The Ultras from Union burned off fireworks even after the final whistle.
© imago images / Matthias Koch

In recent weeks, there have been serious spectator collisions at several European Cup games, including the appearance of 1. FC Köln in Nice and Eintracht Frankfurt in Marseille. In Indonesia, 125 people died in a panic in the stadium a few days ago. Before kick-off there was a minute’s silence in Malmo for the victims of the tragedy.

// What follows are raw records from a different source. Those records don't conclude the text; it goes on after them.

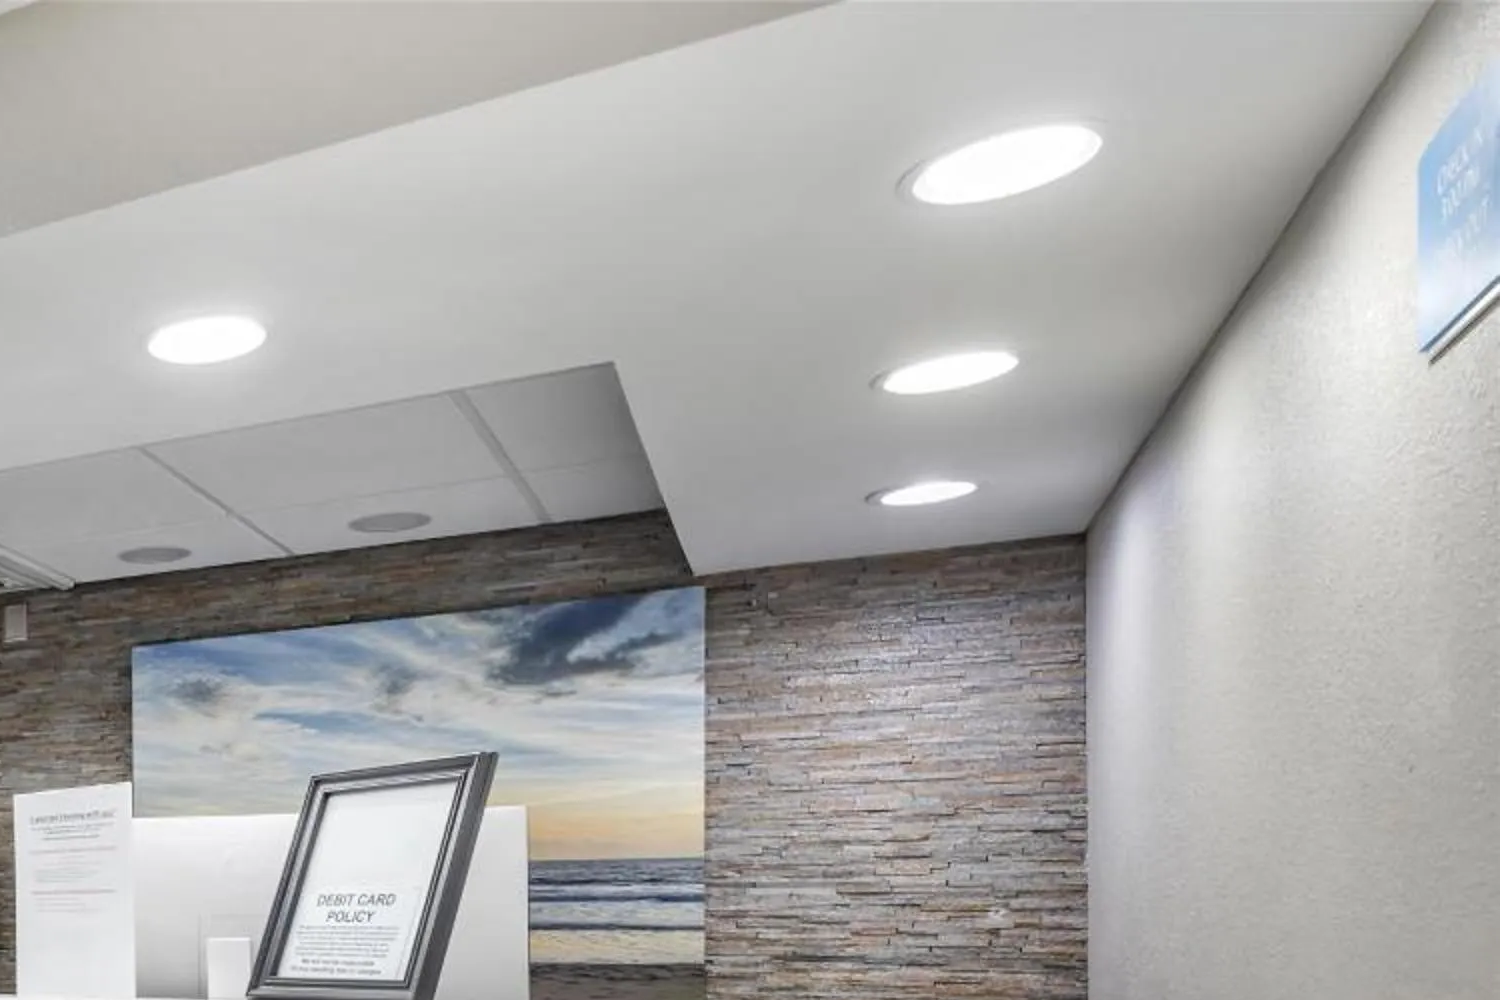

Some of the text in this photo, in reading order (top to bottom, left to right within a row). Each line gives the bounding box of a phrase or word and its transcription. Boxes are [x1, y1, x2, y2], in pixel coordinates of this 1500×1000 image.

[316, 893, 397, 907] DEBIT CARD
[325, 910, 376, 923] POLICY
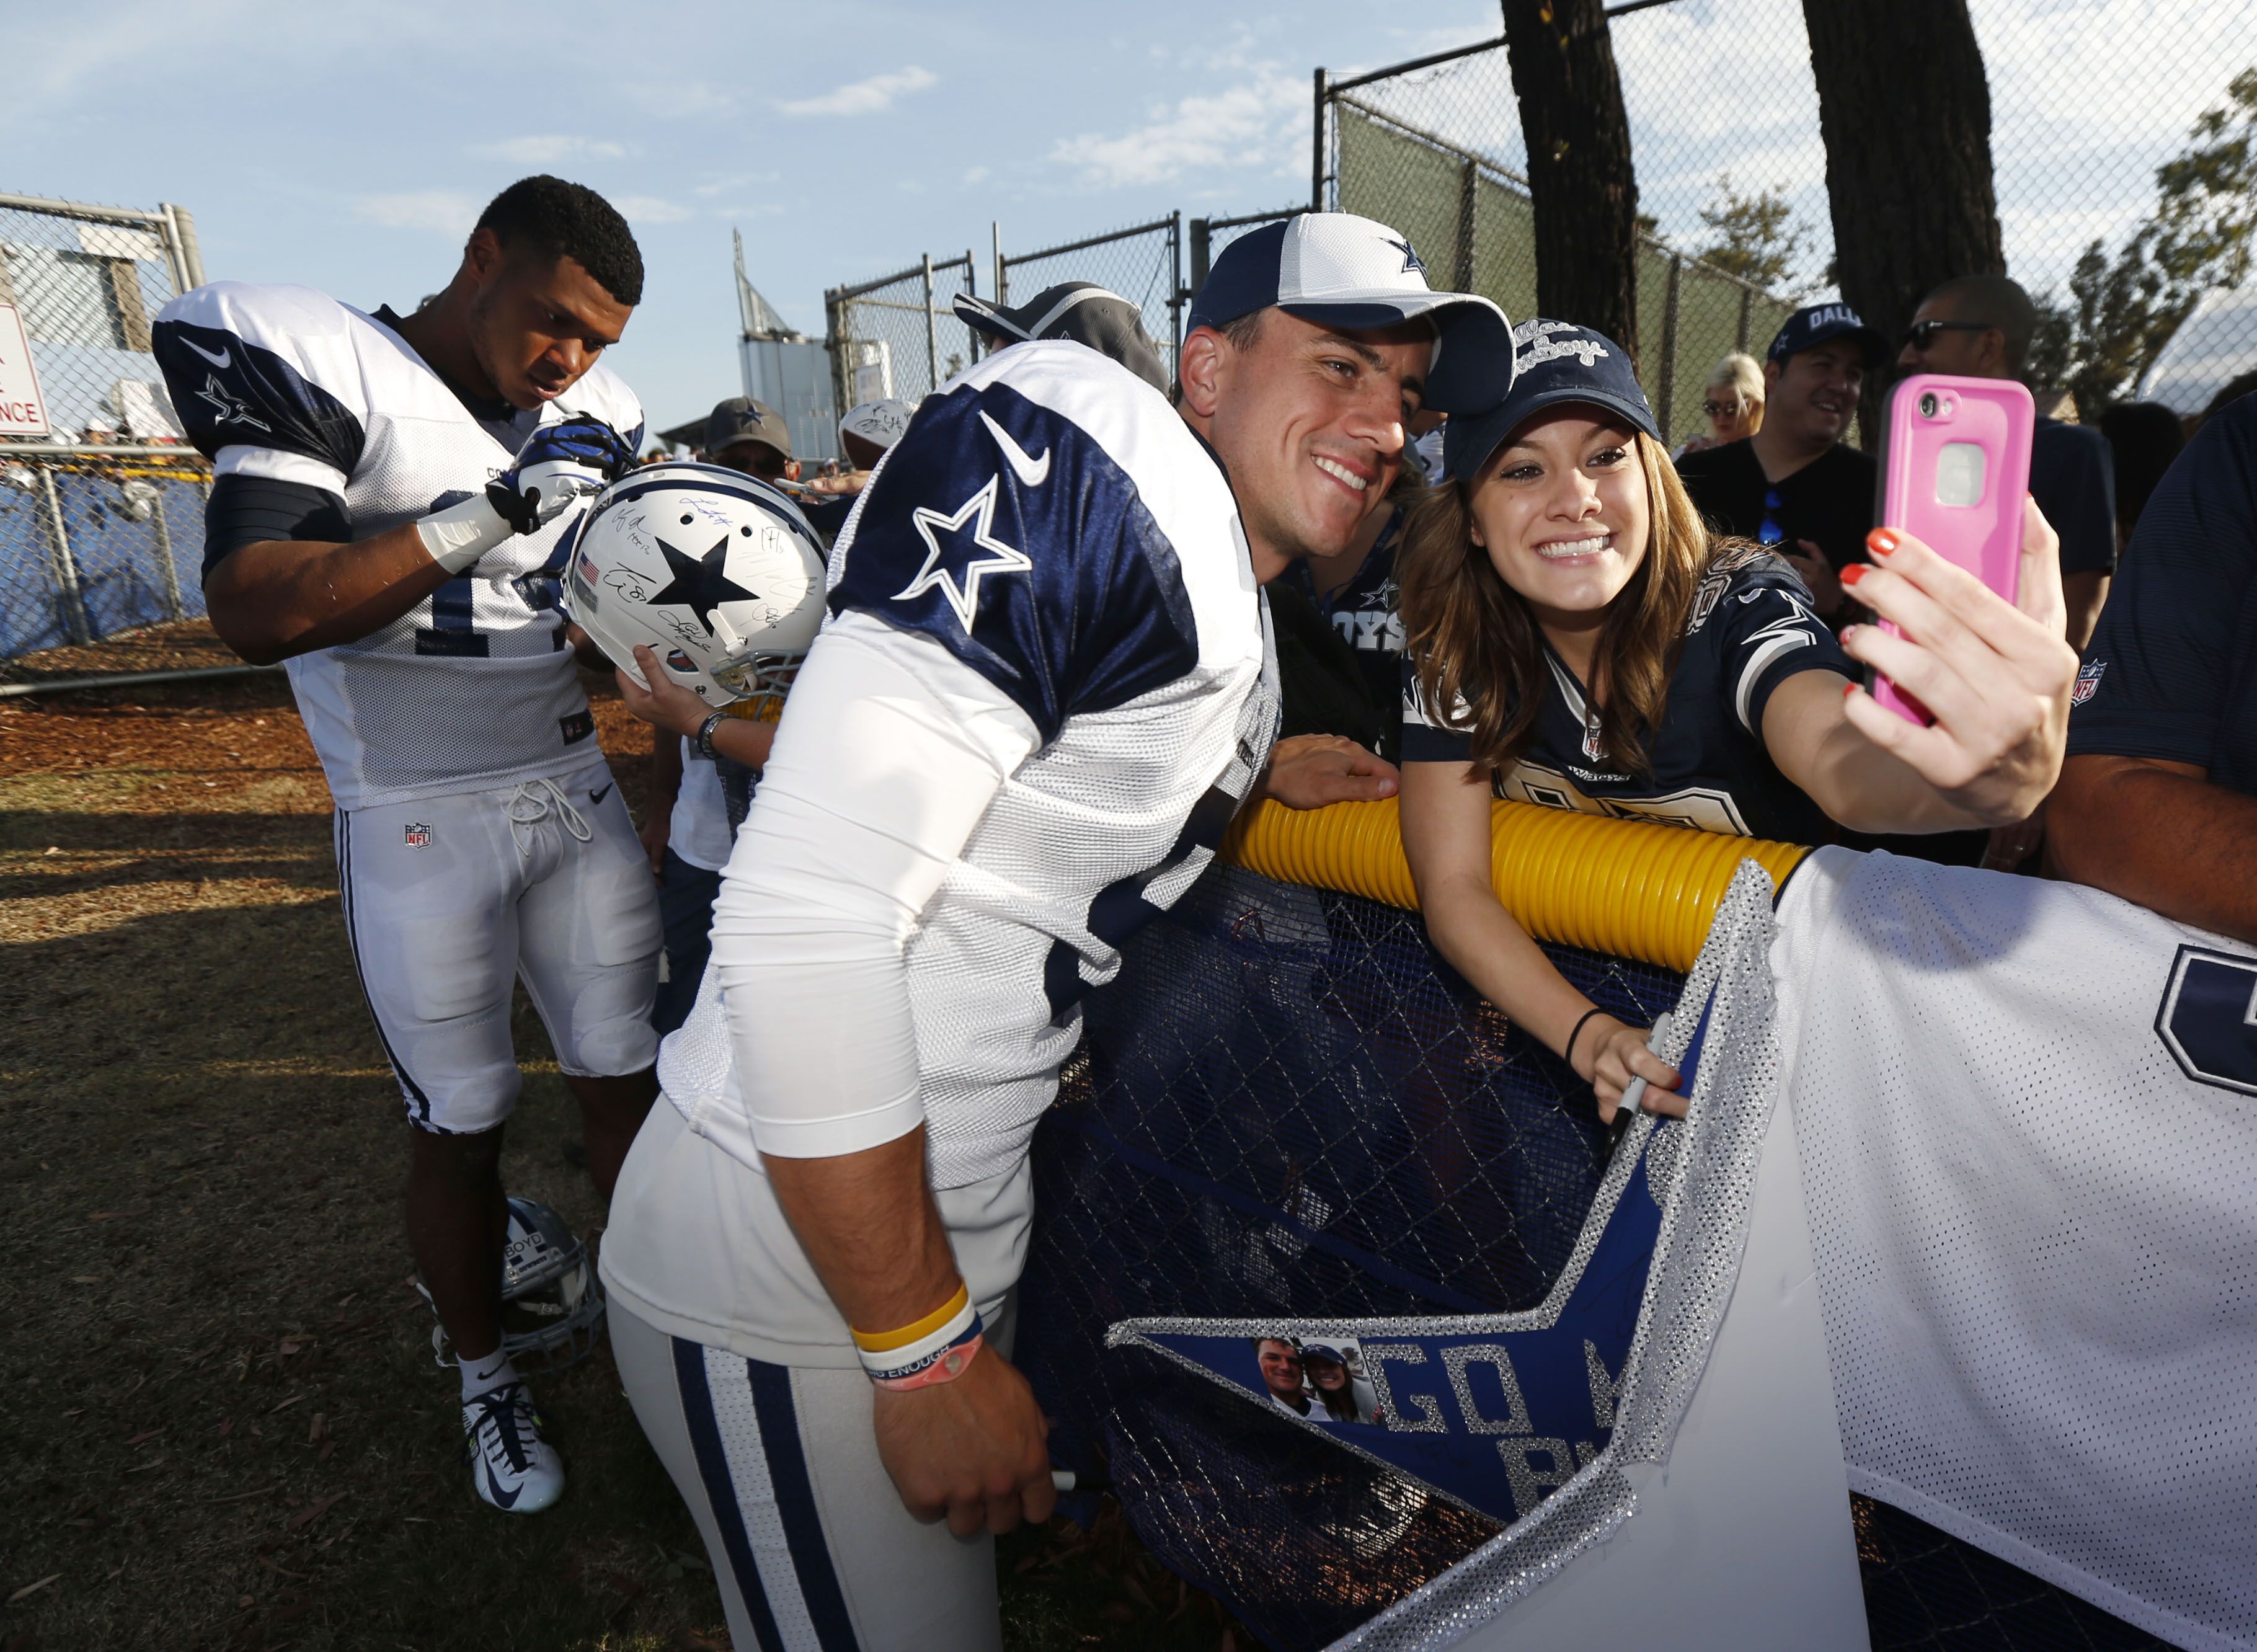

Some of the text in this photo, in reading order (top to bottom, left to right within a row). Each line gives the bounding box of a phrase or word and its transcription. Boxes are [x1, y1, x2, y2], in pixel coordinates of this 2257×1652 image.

[2072, 680, 2095, 700] NFL
[408, 833, 428, 846] NFL
[505, 1233, 542, 1258] BOYD
[888, 1344, 951, 1378] ENOUGH
[1364, 1343, 1534, 1434] GO
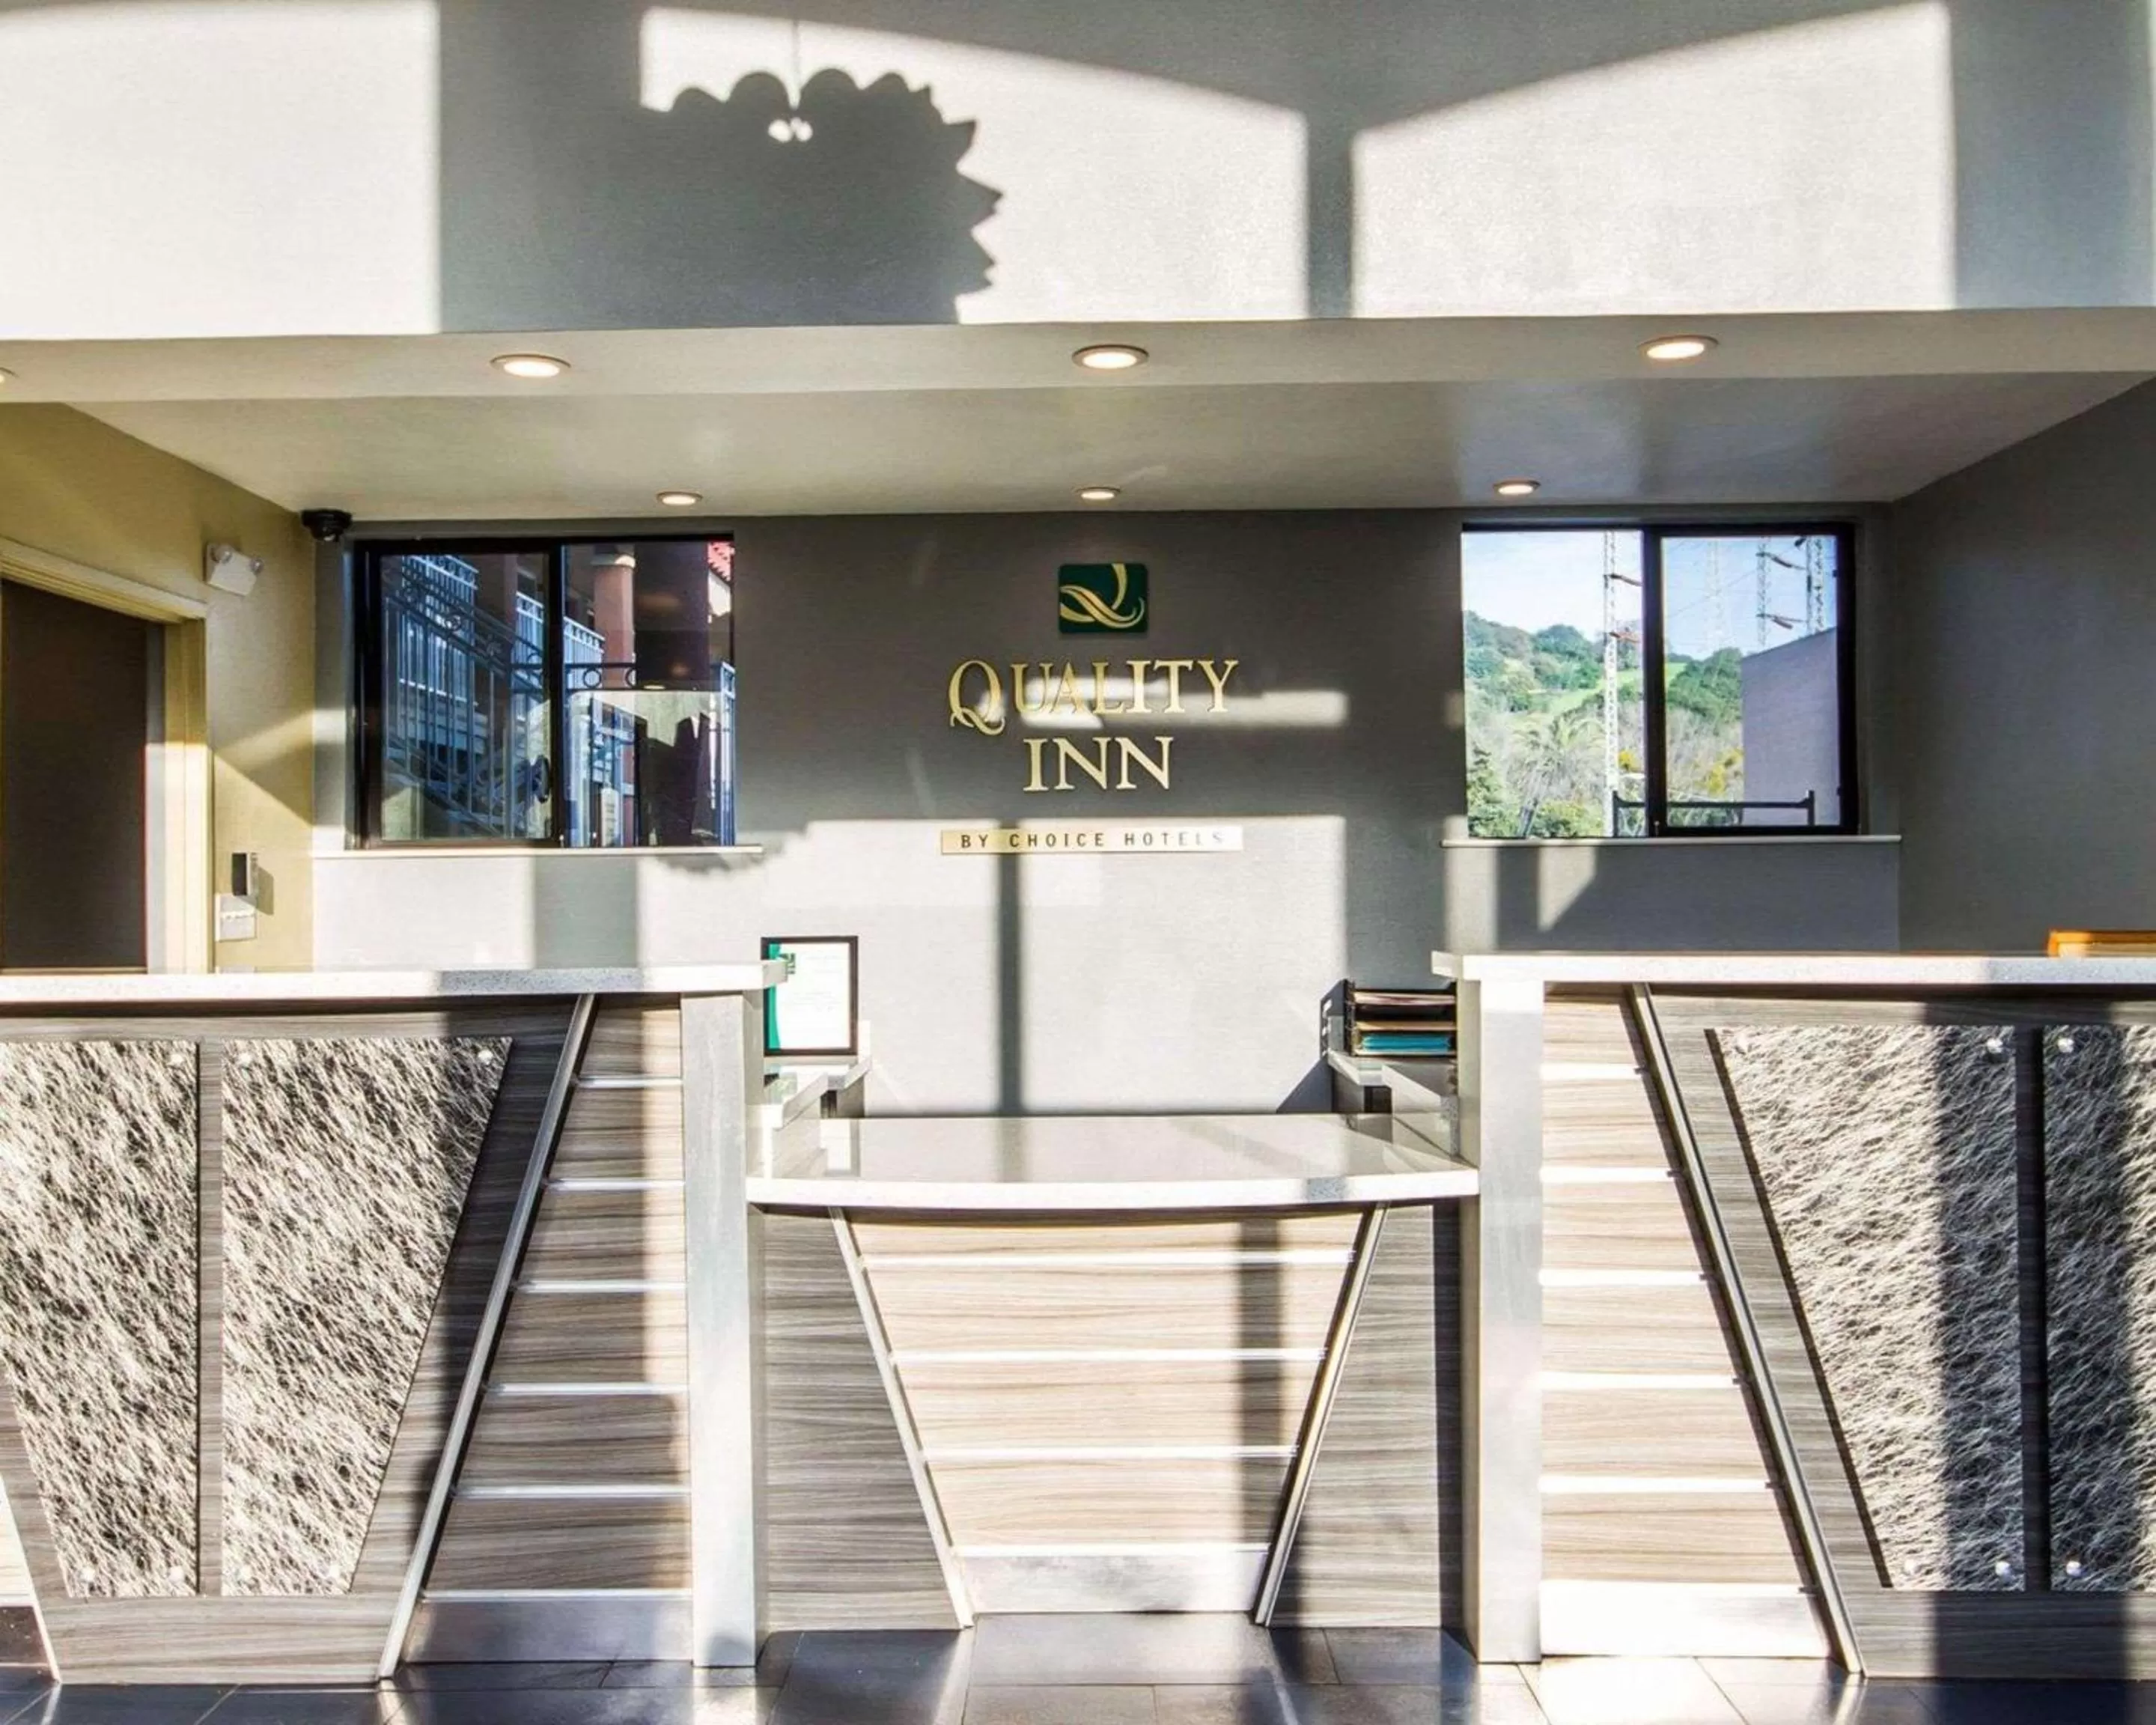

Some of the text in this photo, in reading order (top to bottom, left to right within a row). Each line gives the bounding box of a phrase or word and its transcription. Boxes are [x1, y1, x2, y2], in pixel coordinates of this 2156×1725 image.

[948, 658, 1240, 736] QUALITY
[1023, 736, 1175, 792] INN
[960, 831, 1224, 848] BY CHOICE HOTELS

Since the second leg will take place in Berlin next Thursday, the focus is not only on processing, but also on preparation. It is not yet known how many fans from Sweden will make the journey to the An der Alten Försterei stadium. The guest block has a capacity of around 2,000 seats. However, Dirk Zingler is convinced that there will be no escalation like in Malmö again. “Here the organizer was completely understaffed, we are better organized in terms of organization,” said Union President. Even the possibility that Malmö’s fans could pass on tickets, for example to friendly Hertha supporters, does not worry Zingler. “We are prepared for that.”